Wickerham & Lomax: DUOX4Odell’s: You’ll Know if You Belong
The Former Everyman Theater
1723 N. Charles St, Baltimore MD
March 31 – April 28
Closing reception 7:00 p.m. – 10:00 p.m.
Presented by Light City and the Station North Arts & Entertainment District

I have a soft spot for any exhibition that’s promoted with coasters left in gay dive bars.

In this case, coasters featuring local personalities Elon Battle and Keenon Brice, painted silver, posing in fashion-editorial-like tableaus advertise: DUOX4Odell’s: You’ll Know If You Belong. They lead visitors to an abandoned theater, where collaborators Wickerham & Lomax have staged an installation inspired by an even more abandoned nightclub. The space is dominated by industrial-looking contraptions that hang larger-than-life prints from the coaster photoshoot, loosely framed by three even larger projection screens. They’re printed on plexiglass, overlapping with transparent silhouettes evocative of 70s Blaxploitation posters. Theatrical lighting streaks across the floor, like disco lights fallen from the ceiling, occasionally casting faint projections of the dancing figures on the black walls, giving the impression of an archaic iPod commercial. Only visible up close, tiny blocks of poetry are printed into the negative space.

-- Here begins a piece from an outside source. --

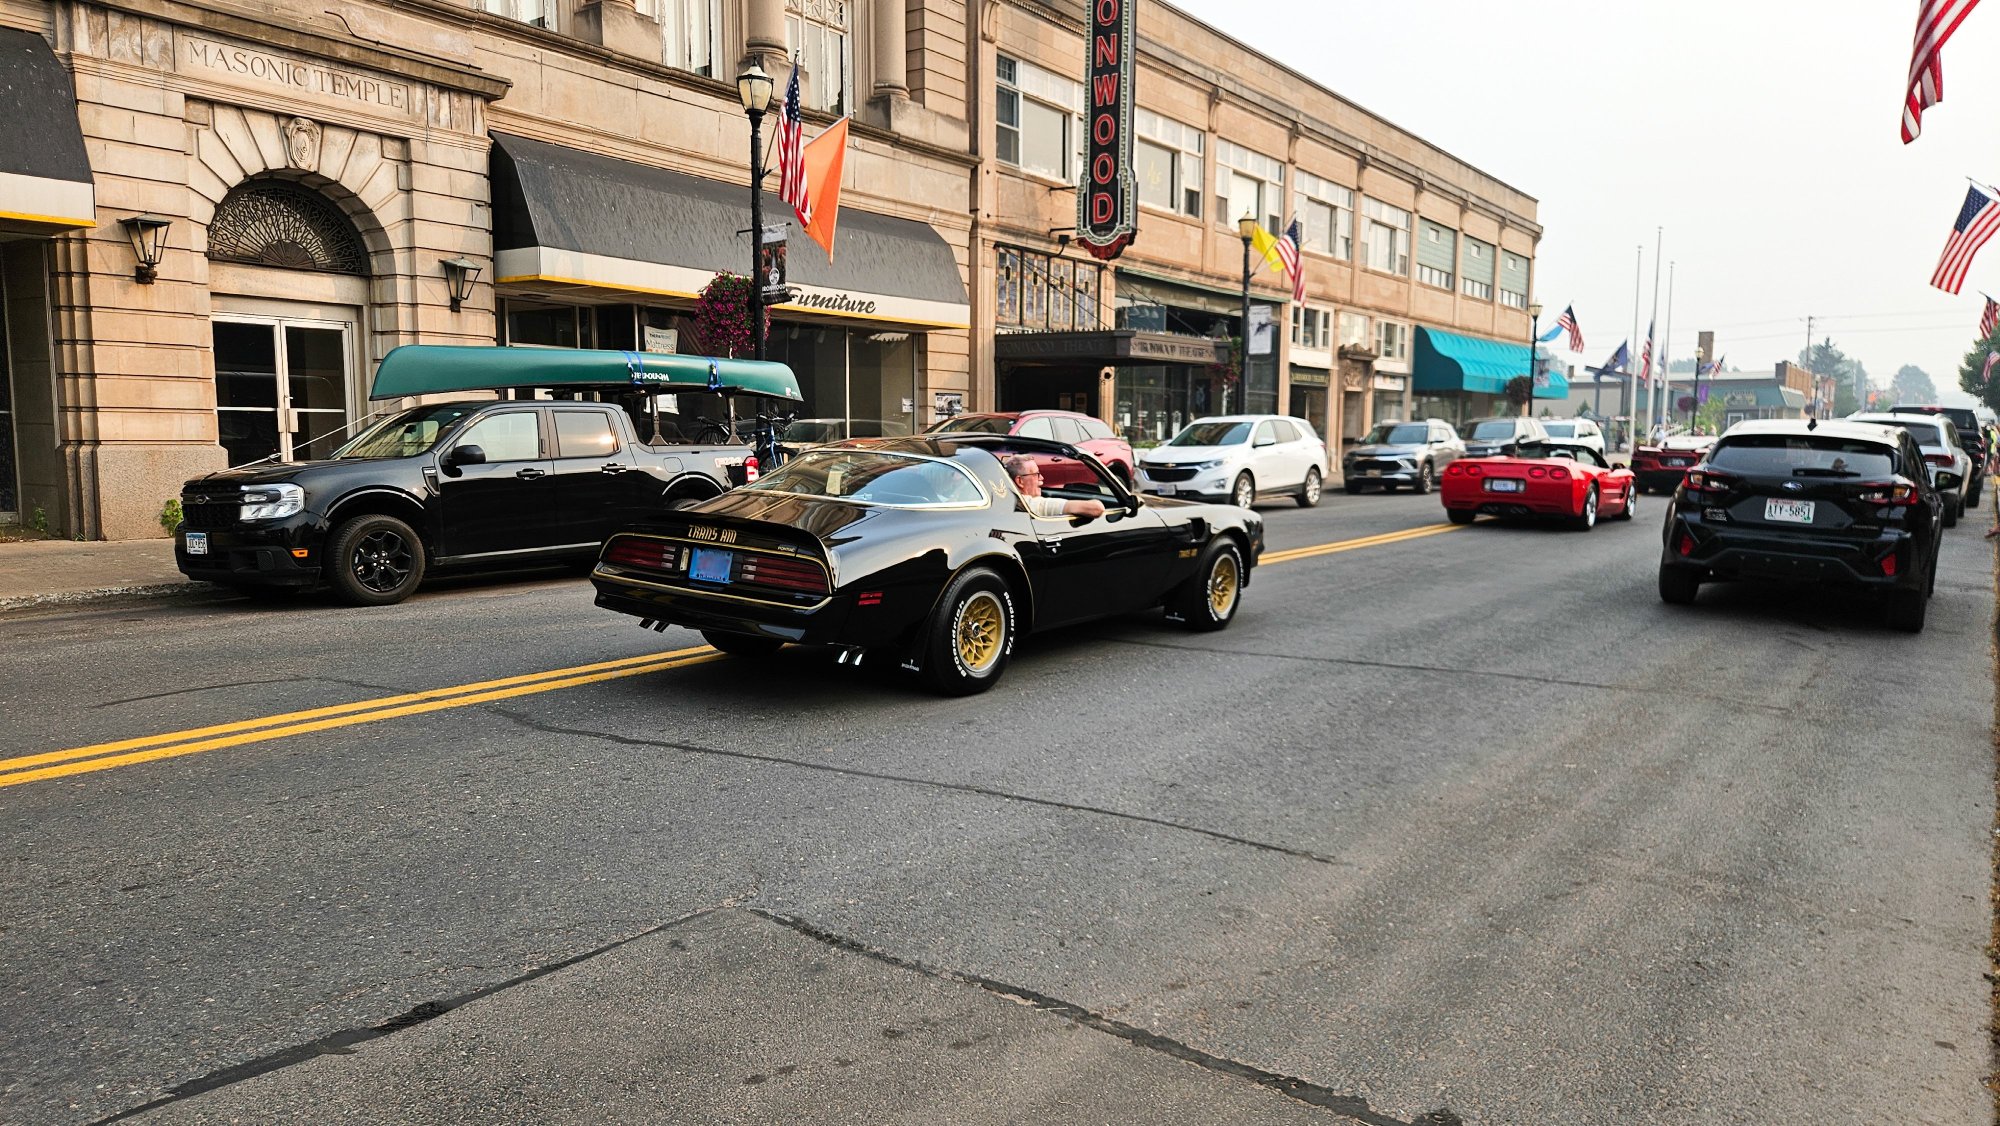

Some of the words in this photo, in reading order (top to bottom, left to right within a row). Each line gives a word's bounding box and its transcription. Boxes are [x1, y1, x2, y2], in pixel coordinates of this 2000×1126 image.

I’ve visited Wickerham & Lomax’s ambitious installation more times than I can count. But it didn’t occur to me why the space feels so uncomfortable until I attended a discussion between the artists and the philosopher Luce Delire, who bluntly stated that her first reaction to the work was disappointment: “When I first came in I was expecting something celebratory.” Instead, an almost sullen, eerie vibe hangs over the work.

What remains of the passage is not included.